[Start of section]
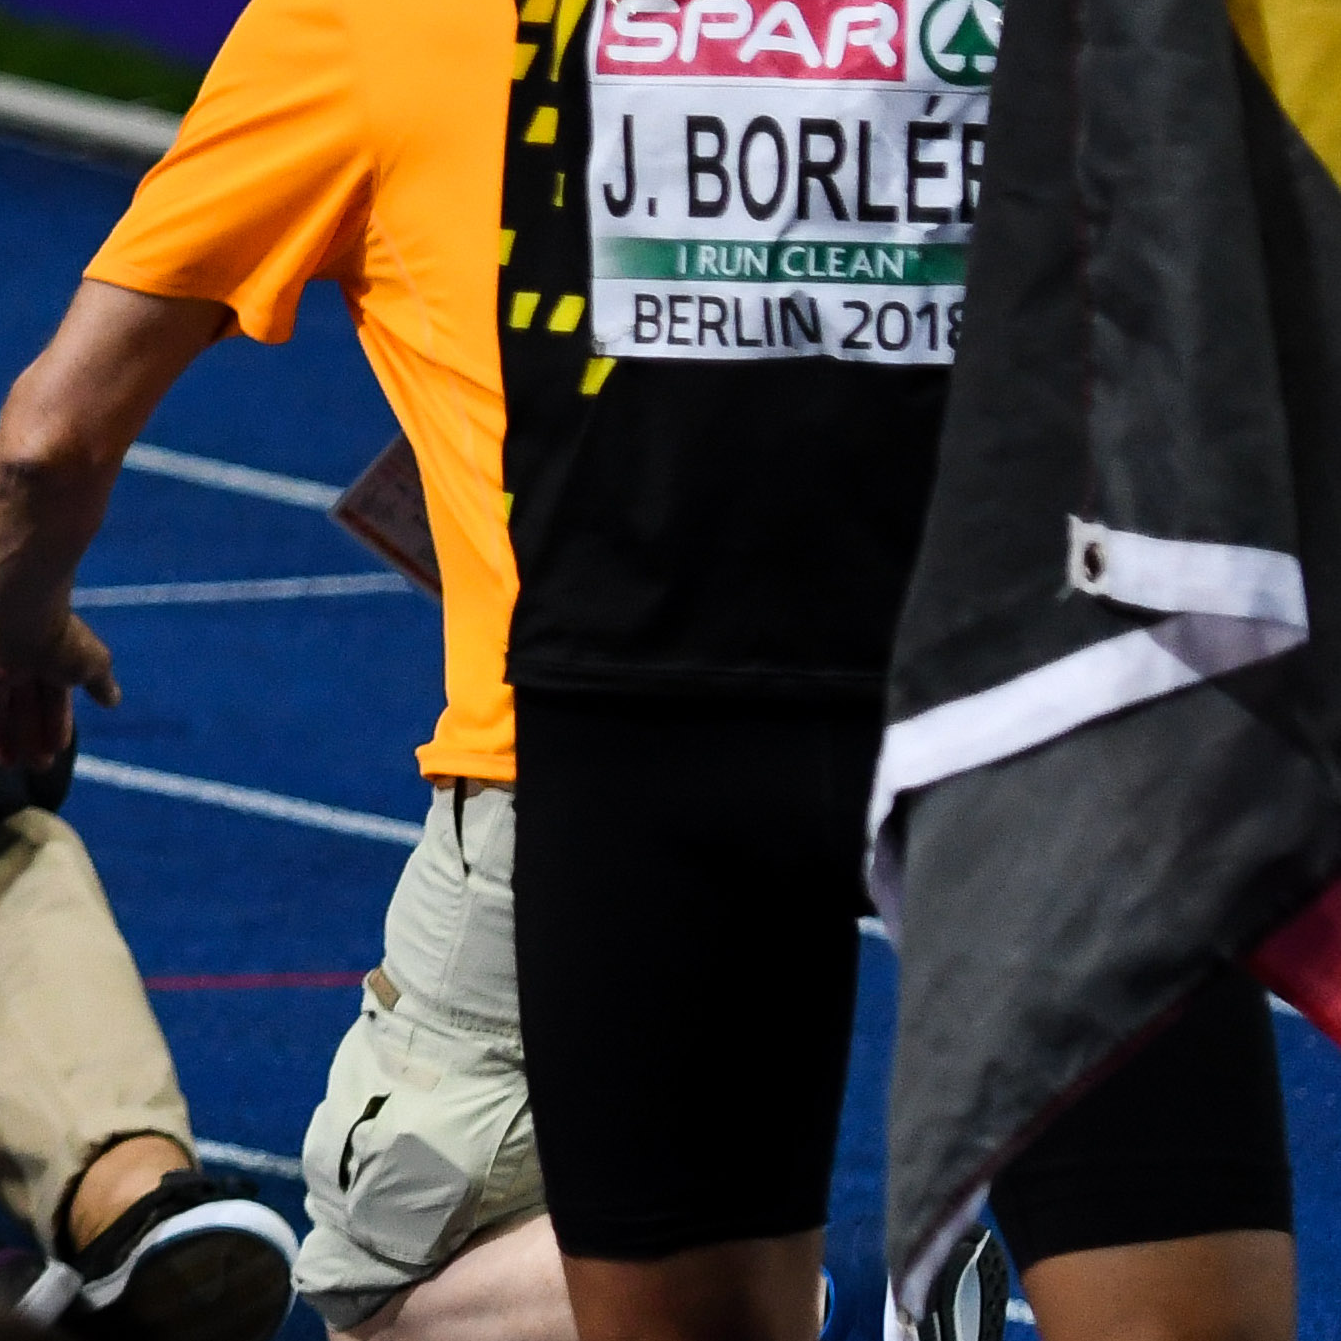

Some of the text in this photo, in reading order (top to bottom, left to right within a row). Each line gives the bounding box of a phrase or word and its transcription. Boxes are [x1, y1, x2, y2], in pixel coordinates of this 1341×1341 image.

[603, 114, 659, 219] J.
[677, 245, 687, 275] I
[696, 246, 769, 278] RUN
[634, 293, 823, 346] BERLIN
[End of section]
§ WHAT YOU WILL DO:
Give back every record exactly. Omit the pictures.

§ RESULT OF THE TASK:
Some of the text in this photo, in reading order (top to bottom, left to right within a row). Each line gives the bounding box of a phrase or word and its transcription. Boxes are [x1, y1, x2, y2], in pixel coordinates of this 1341×1341 image.

[603, 114, 659, 219] J.
[677, 245, 687, 275] I
[696, 246, 769, 278] RUN
[634, 293, 823, 346] BERLIN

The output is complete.